Yesterday and today I focused on the field work aspect of my exchange to Sweden. For my research project I proposed interviewing staff at Ericsson or Sony Ericsson about the companys role in envisaging future work practices, particularly in relation to the office. These acts of imagining the future are a significant dimension of "high tech" companies. They contribute to the shaping of particular technologies as they emerge as material entities. This does not mean they are closed off at this point. Their "nature" is not sealed into a cultural and material form by these ideational exercises but they do nevertheless contribute to their becoming - what a technology might be or not be, who will use it or not use it etc. This speculative conceptualisation is a process that probably intersects with many staff, departments and practices of the company (or companies as they case may be). I am interested in crossing some of these paths as a researcher/student, to discover more about these practices of speculation and how staff reflect on them.
From Australia, I contacted the staff listed on the Swedish version of Ericssons web site. Not surprisingly the staff listed work in Corporate Communications. While their initial response appeared to be quite positive and suggested they were sending my email on to suitable staff, unfortunately I have not heard from them since despite my follow up emails. However, on my first day at ACSIS I was introduced to a senior researcher in the Department of Computer Science and Informatics at Linköping University. I found out he used to work for Ericsson and he was very encouraging of my research. He emailed me with a number of Ericsson and Sony Ericsson contacts yesterday and this morning I contacted them by email.

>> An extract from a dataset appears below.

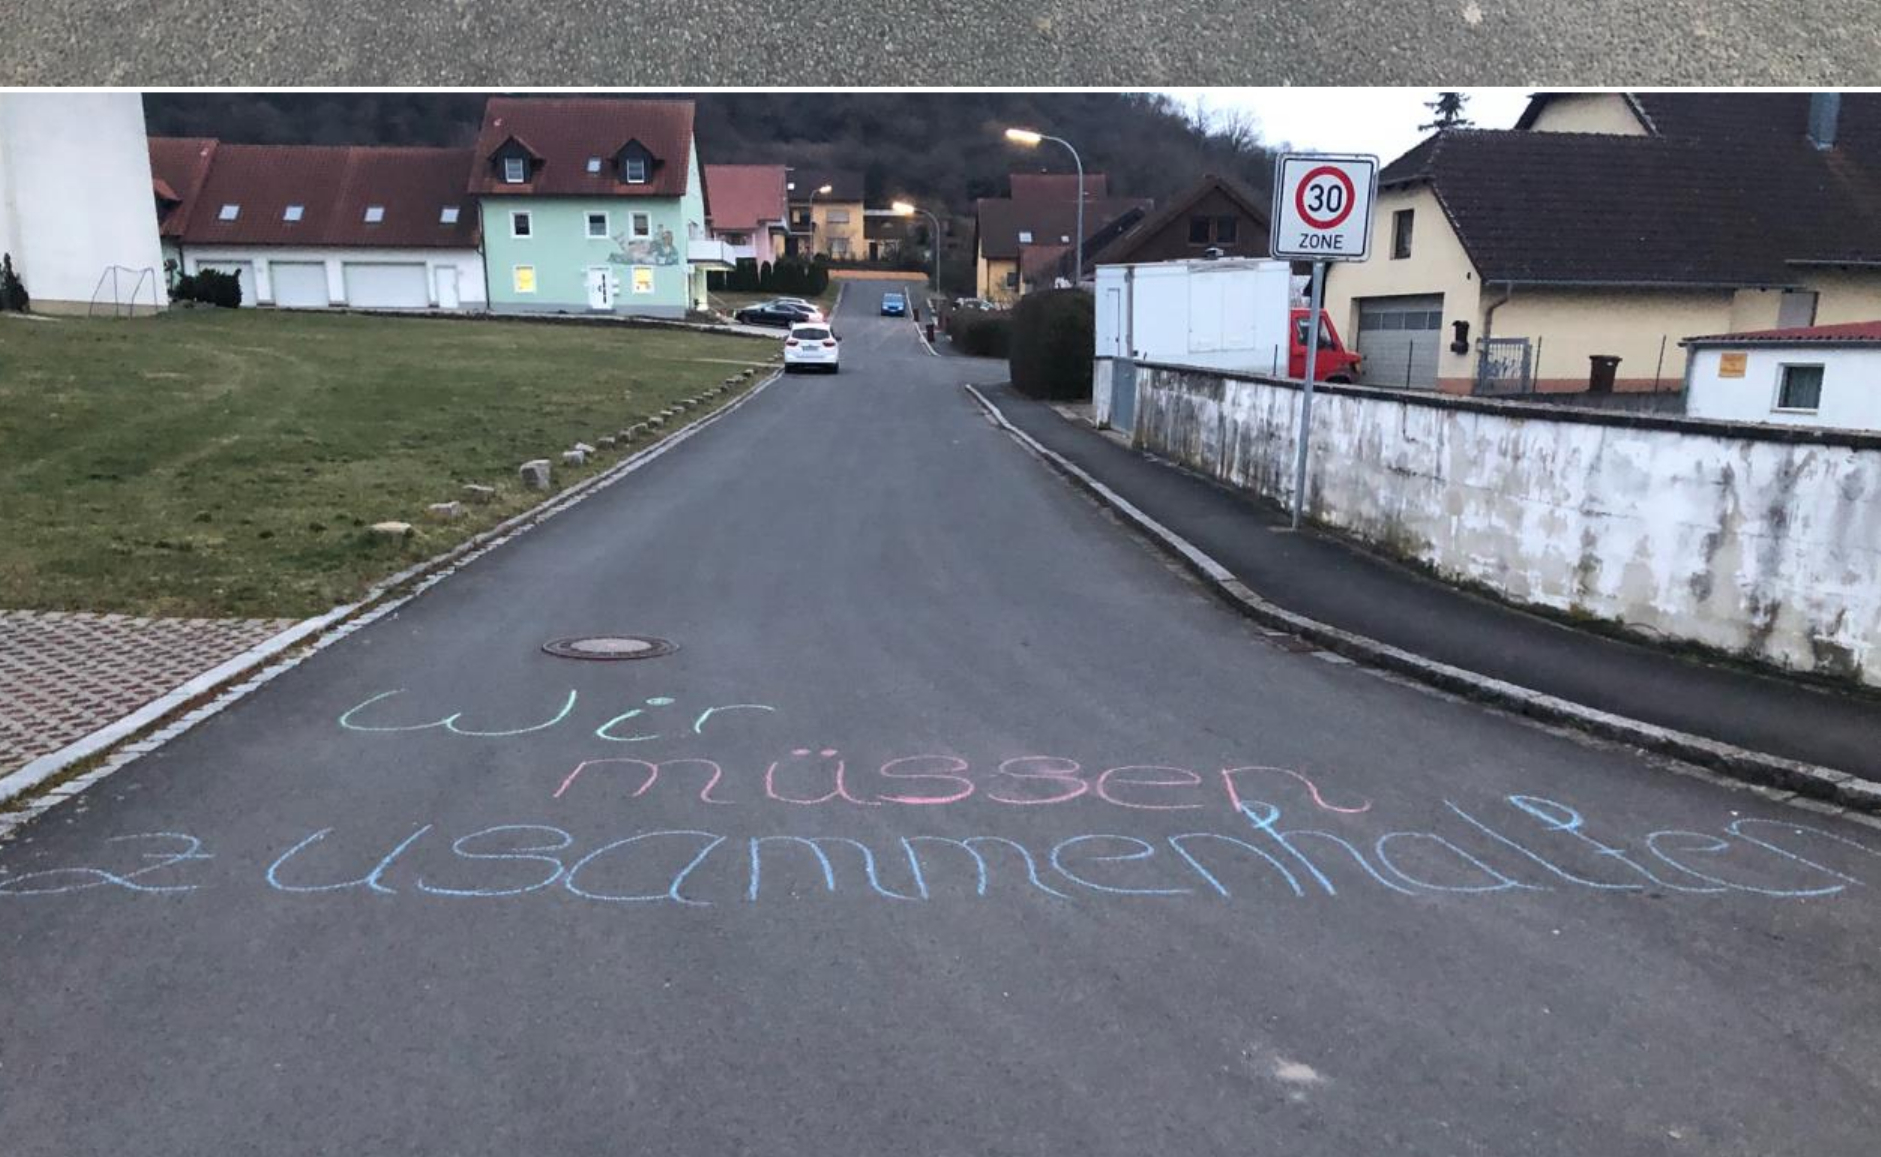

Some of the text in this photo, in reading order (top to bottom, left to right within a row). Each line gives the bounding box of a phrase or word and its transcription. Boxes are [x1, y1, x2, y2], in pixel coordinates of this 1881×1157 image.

Research has much in common with travel I think, probably highlighted by the merging of the two in this exchange experience. The places or objects of study are vague, amorphous entities with little form but act as a kind of screen for the projection of ideas, feelings and expectations. Ericsson is such a place or site. As I encounter Ericsson, it is not, as you might imagine, a confrontation or meeting, a sort of front on collision between subject and object. There is no clear line that is traversed, that separates the place where I was with the place where I want to be but instead a process of encountering this place or thing called Ericsson from many partial connections and perspectives. The research object starts to come into view through these partial connections and perspectives that take place over time. And not just into view, since this privileges the visual encounter as the primary and single mode of knowledge. The 'site' gains definition through all my proprioceptive capacities mediated by the technologies through which I encounter it. Ericsson does not become immediately present to me but becomes a place or a site as a series of names, a person I meet, a phone call, an email address...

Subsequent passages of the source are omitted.